I wish he had a donation link on his website, because I, and many others,
would be more than happy to help.

------
aston
You hate to hear this sort of story, but it just reiterates what has been
common knowledge since well-before Muxtape even existed: if you're a
successful site that makes major label music available to people who don't own
it, you basically either need to be prepared to fight it out with big money in
the boardroom/court room or prepared to eventually dismantle the site.

------
antidaily
"Muxtape Relaunching"

Not really. Lame. In fact, the new service sounds a lot like bandcamp.mu
(which I'm equally uninterested in).

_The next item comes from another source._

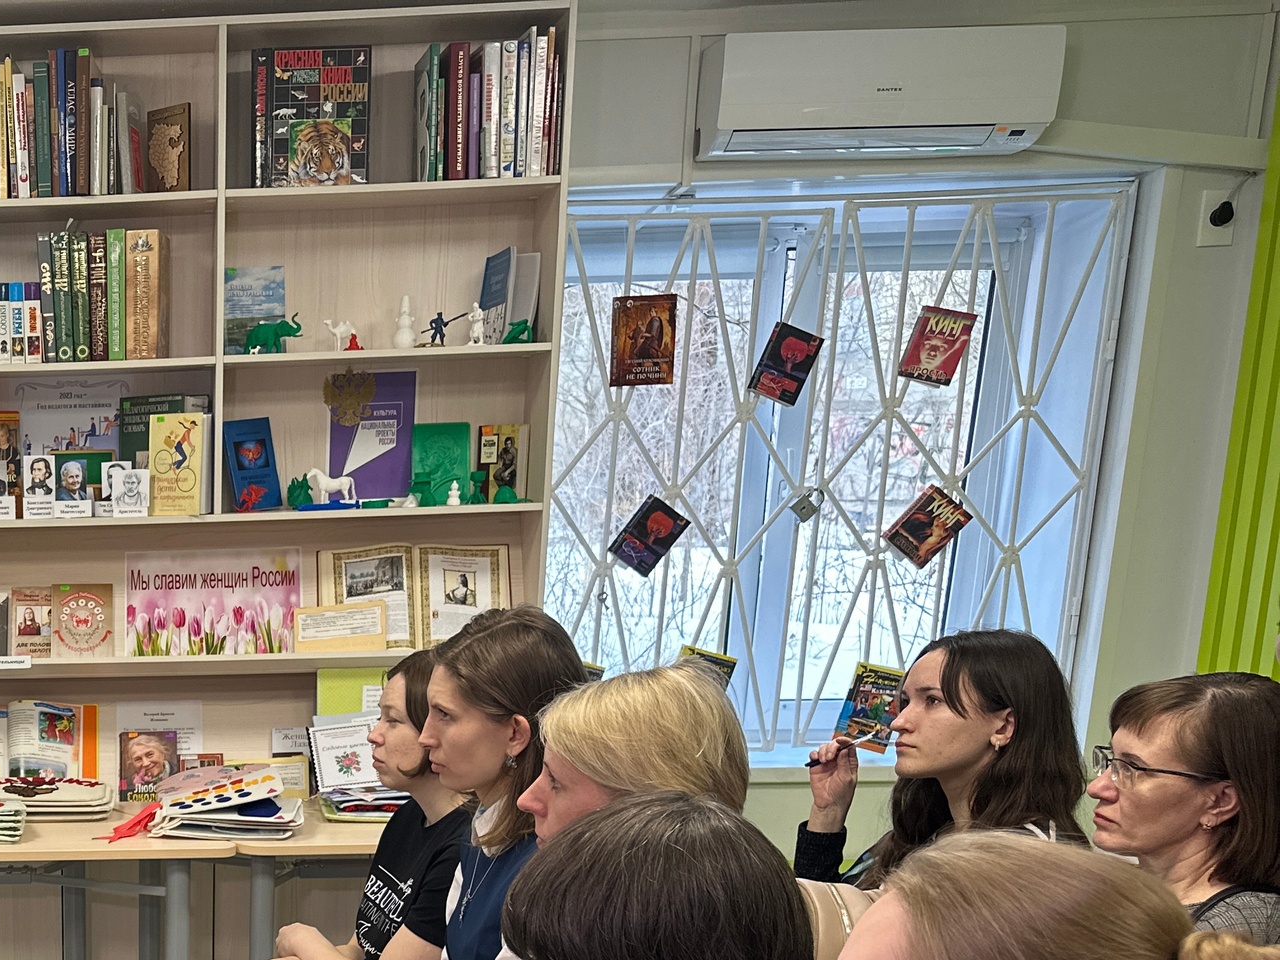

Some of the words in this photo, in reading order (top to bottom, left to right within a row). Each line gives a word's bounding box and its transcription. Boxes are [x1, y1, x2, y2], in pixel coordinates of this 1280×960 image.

Not that it's Justin's fault.

------
zhyder
I predict this story will evolve into one of (lasting) success, and be
inspirational to other entrepreneurs.

Strangely enough, I'm already inspired, even though Muxtape hasn't yet gotten
off the downs and back into the ups.

------
unalone
"The industry will catch up some day, it pretty much has to."

Best quote of the whole thing. This is a setback for now, but Muxtape's death
led to Opentape's creation. Soon enough, things will get too huge for music
companies and something will change. Perhaps not soon (though I'd hope it
does), but it will happen.

------
dentonbros
MixWit.com is the new Muxtape. Same thing, just a bit different UI. and it's a
YC company, i believe.

------
dhotson
It's a real shame that they killed Muxtape. It was such a great site and a
fantastic way to discover new music.

:'(

I really wish that there could be a way for sharing good music with others
without all the hype and commercial crap that normally surrounds it.